As soon as I begin to rise from the chair, Suki make a leap which takes her to the exact centre of the recliner's seat cushion -- probably the warmest spot of all. Then, after she slowly turns a couple of times, she plops herself down and curls herself into a ball-like position. Next, she either takes a moment to wash her paws or she just goes quickly to sleep.
I, on the other hand, am now chair-less and faced with the need to do certain chores before I sit down again. So, for the next few minutes I do a few task including straightening things up a bit in the kitchen until the pain level begins to rise noticeably. At this point, I head for the second most comfortable chair in my home -- the ergonomic one that I have had my computer desk.
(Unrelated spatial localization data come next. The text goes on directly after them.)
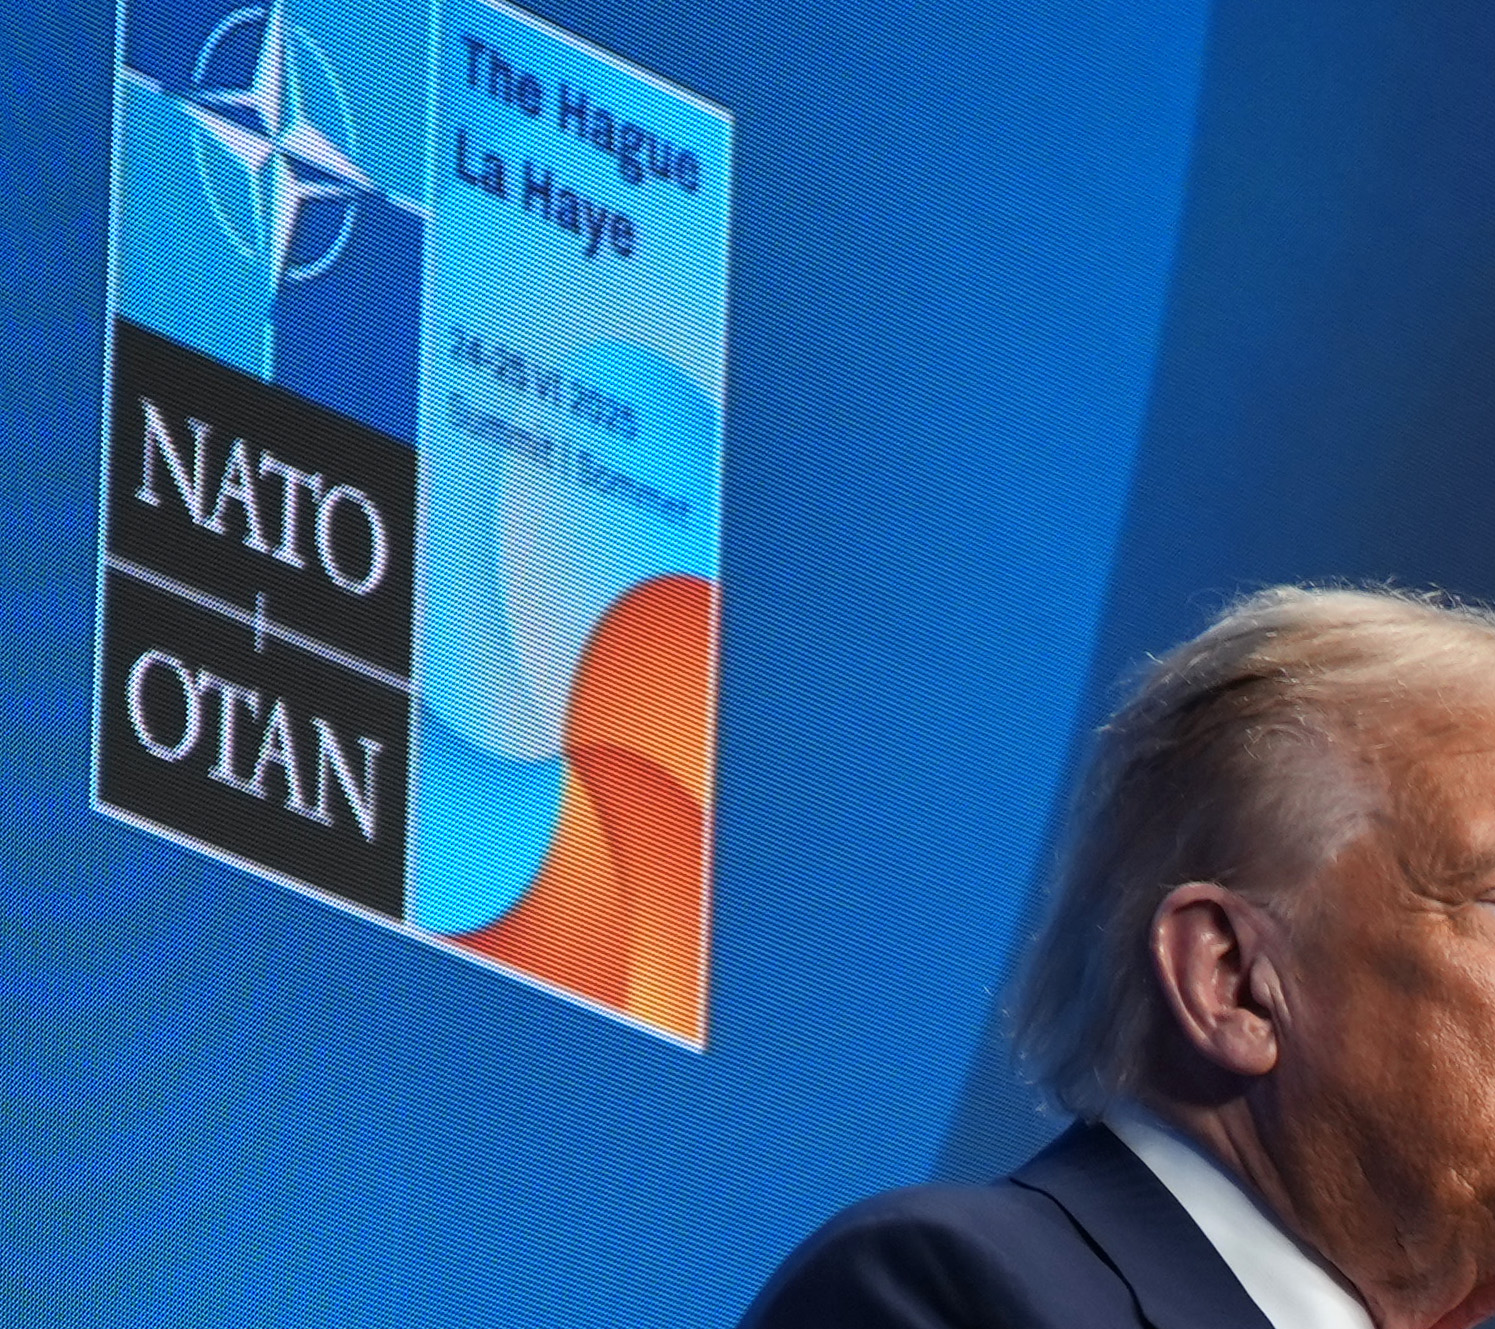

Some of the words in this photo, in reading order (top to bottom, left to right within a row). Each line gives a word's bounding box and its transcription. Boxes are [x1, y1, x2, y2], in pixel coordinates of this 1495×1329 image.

[456, 128, 506, 200] La
[523, 158, 635, 259] Haye
[461, 33, 544, 117] The
[557, 82, 701, 195] Hague
[569, 380, 639, 442] 2025
[135, 395, 389, 597] NATO
[124, 648, 384, 843] OTAN
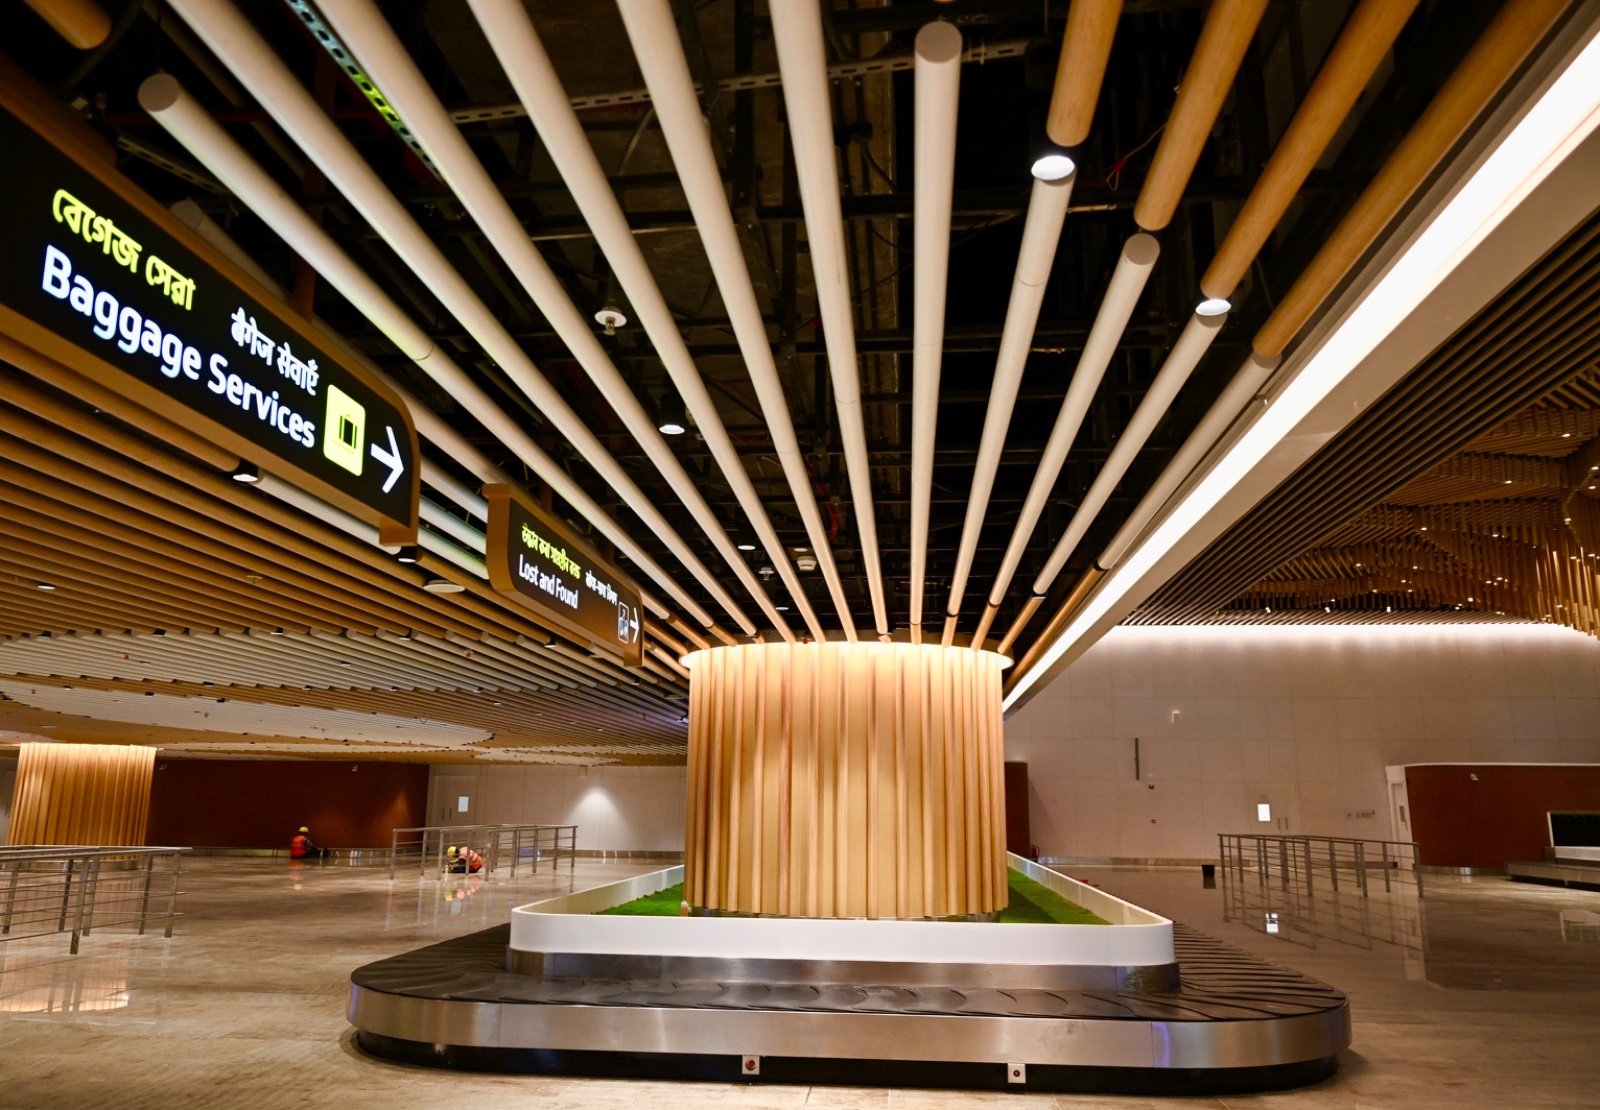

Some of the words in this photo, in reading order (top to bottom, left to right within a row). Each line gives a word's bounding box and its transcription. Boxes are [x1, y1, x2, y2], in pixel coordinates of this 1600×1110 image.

And so my life goes... everything else remaining much the same. I have a couple of medical appointments scheduled this week. As well, I will be busy getting ready for next Sunday -- that's the day that my boys will be visiting with their parents so that we can celebrate an early Christmas together. I ordered a number of little gifts for the boys online and am really looking forward to watching them open their presents. Braden is just the right age to still find Christmas to be "that most wonderful time of year." Rònàn, at 13+ months, is just the right age to get terribly excited by whatever excites his older brother.
Then there is also the matter of my birthday on the day after next Sunday so I imagine that the boys (with their parents' assistance) will have a birthday card for me as well. I hope Braden doesn't ask my age. The last time a child of 3 or 4 tried to guess my age, I was told that I was probably very old -- maybe 16 or something like that!
SECOND SUNDAY OF ADVENT
|"Icon -- St. John the Baptist -- A Voice Crying in the Wilderness",|
by the hand of Sarah "Sallie" Thayer, 2014
In the fifteenth year of Tiberius Caesar’s reign, when Pontius Pilate was governor of Judaea, Herod tetrarch of Galilee, his brother Philip tetrarch of the lands of Ituraea and Trachonitis, Lysanias tetrach of Abilene, during the pontificate of Annas and Caiaphas the word of God came to John son of Zechariah, in the wilderness. He went through the whole Jordan district proclaiming a baptism of repentance for the forgiveness of sins, as it is written in the book of the sayings of the prophet Isaiah: A voice cries in the wilderness: Prepare a way for the Lord, make his paths straight. Every valley will be filled in, every mountain and hill be laid low, winding ways will be straightened and rough roads made smooth. And all mankind shall see the salvation of God. Luke 3:1-6
"... and the rough roads will be made smooth." Whatever else may be implied by this statement, made both by Isaiah and St. John the Baptist, the cessation of discomfort would seem to be primary. As well, filling in valleys, leveling mountains and straightening roads would all seem to indicate ways of making life much easier for a people whose main mode of transportation was walking or riding donkeys.
In other words, or so it seems to me, what is being promised here are ways to not only make transportation easier, but, more importantly, ways of decreasing discomfort of every kind.
Like so many promises made in Scripture, we are still waiting for their complete fulfillment. This is what makes faith and hope two of the three parts of that essential trinity required in order for us to live as well-balanced followers of Christ.
And so I pray:
As I continue to walk this journey of such great suffering, may I never forget these words -- "And now faith, hope, and love abide, these three ..." (I Cor. 13:13).
May I always remember that these three, kept in balance, will bring me that peace which passes all understanding even when I am faced with the highest of mountains and the roughest of roads.